I don't know if LP said that in an interview, but he talked about this in a speech titled "My Thirty Years with Ayn Rand: An Intellectual Memoir" which he gave on April 26, 1987, at the Ford Hall Forum. The speech was then reprinted in *The Objectivist Forum* for June 1987, pp. 13-14 (copyright 1987 by TOF Publications, Inc.).
---Excerpt---
Her basic error [he's talking about what he describes as Rand's tendency to be taken in by dishonest people who seemed enthused by her ideas] was that she took herself as the human standard or norm (as in a sense we all must do, since we have no direct contact with any human consciousness but our own). So if she saw all the outward signs of philosophical enthusiasm and activity, she took it to mean that the individual was, in effect, an intellectual equal of hers, who regarded ideas in the same way she did. After a long while, I came to understand this error. I realized how extraordinary her mind really was, and I tried to explain to her her many disappointments with people.

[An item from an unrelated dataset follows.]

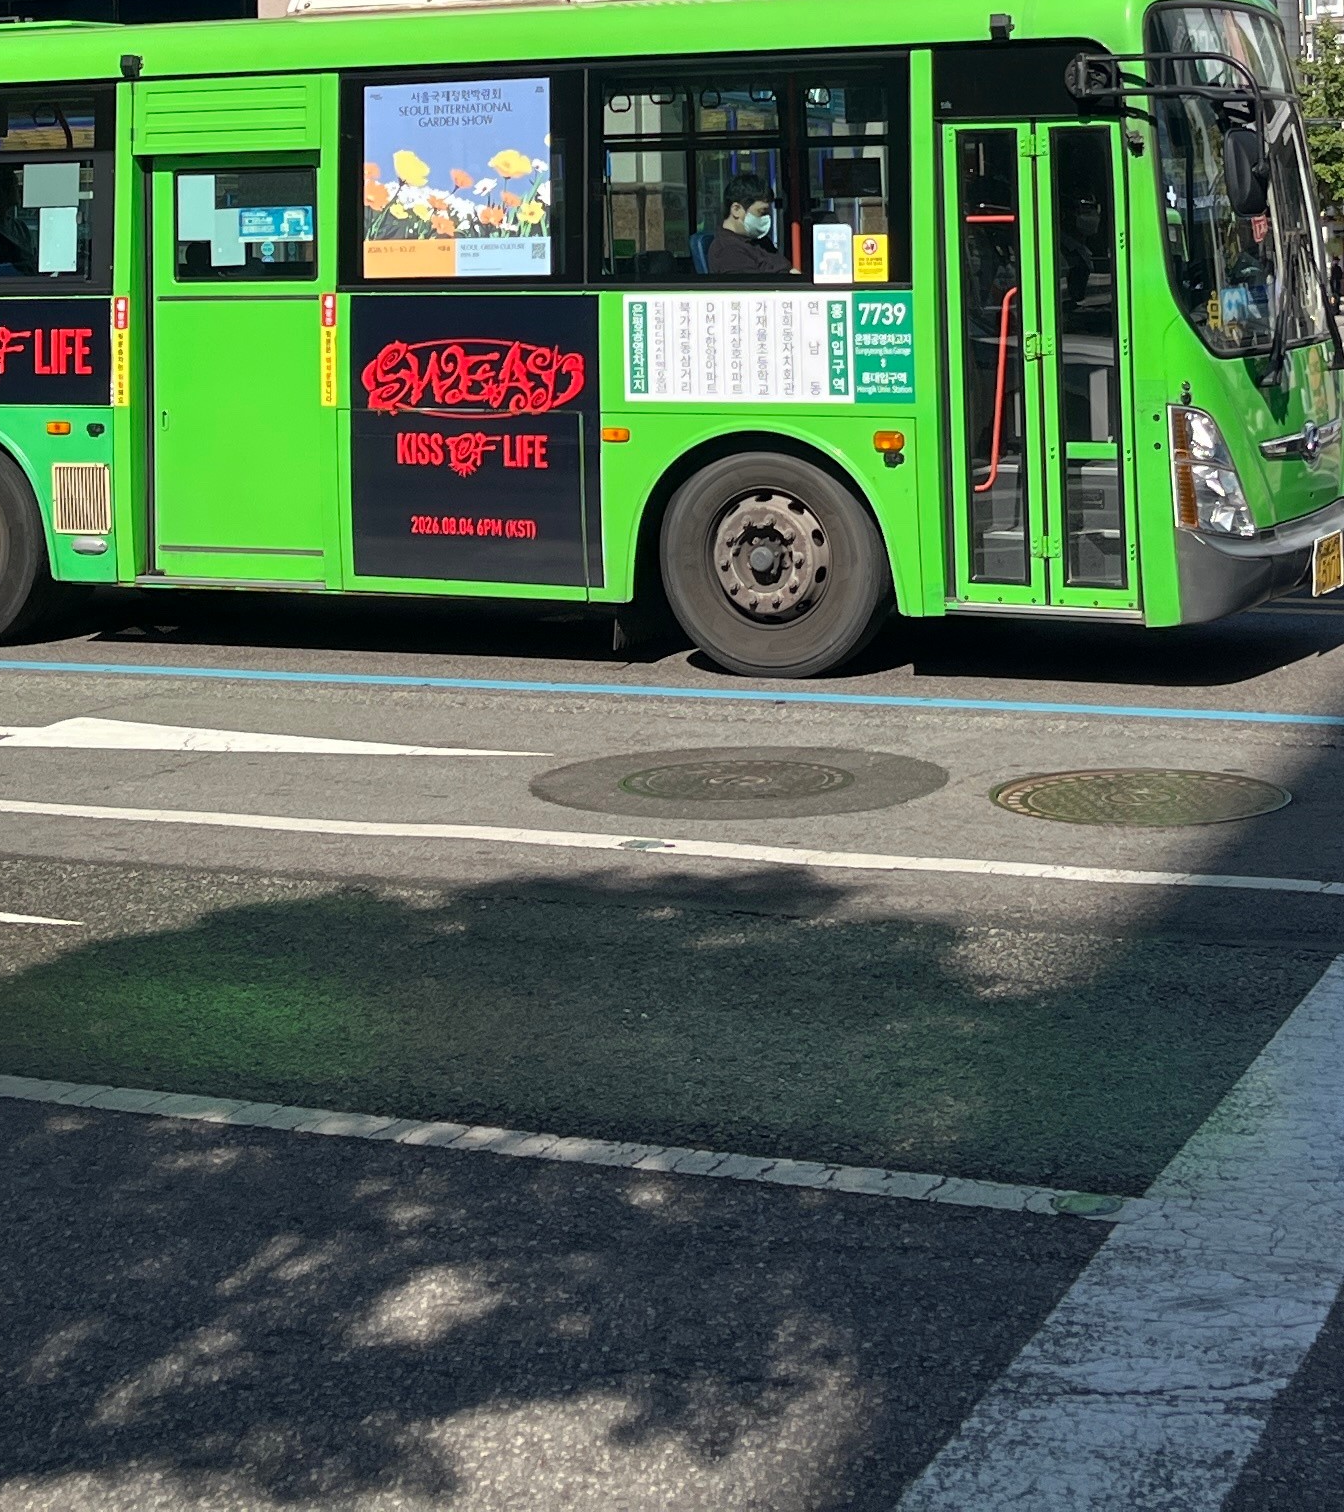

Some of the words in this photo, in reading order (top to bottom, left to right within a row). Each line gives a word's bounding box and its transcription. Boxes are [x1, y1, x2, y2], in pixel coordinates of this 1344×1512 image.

"You are suffering the fate of a genius trapped in a rotten culture," I would begin. "My distinctive attribute," she would retort, "is not genius, but intellectual honesty." "That is part of it," I would concede, "but after all I am intellectually honest, too, and it doesn't make me the kind of epochal mind who can write *Atlas Shrugged* or discover Objectivism." "One can't look at oneself that way," she would answer me. "No one can say, 'Ah me! the genius of the ages.' My perspective as a creator has to be not 'How great I am' but 'How true this idea is and how clear, if only men were honest enough to face the truth.'" So, for understandable reasons, we reached an impasse. She kept hoping to meet an equal; I knew that she never would. For once, I felt, I had the broad historical perspective, the perspective on her, that in the nature of the case she could not have.
---End Excerpt---
Nathaniel tells a similar story in (both versions of) his memoirs about her saying that "honesty" was her fundamental characteristic and not being willing to ascribe any of her abilities to "genius." Sorry, I don't recall off-hand where in the respective books the passage appears and haven't time to search.
Re the begging the question indicated in Bob Mac's post 91, sure does look like question begging to me.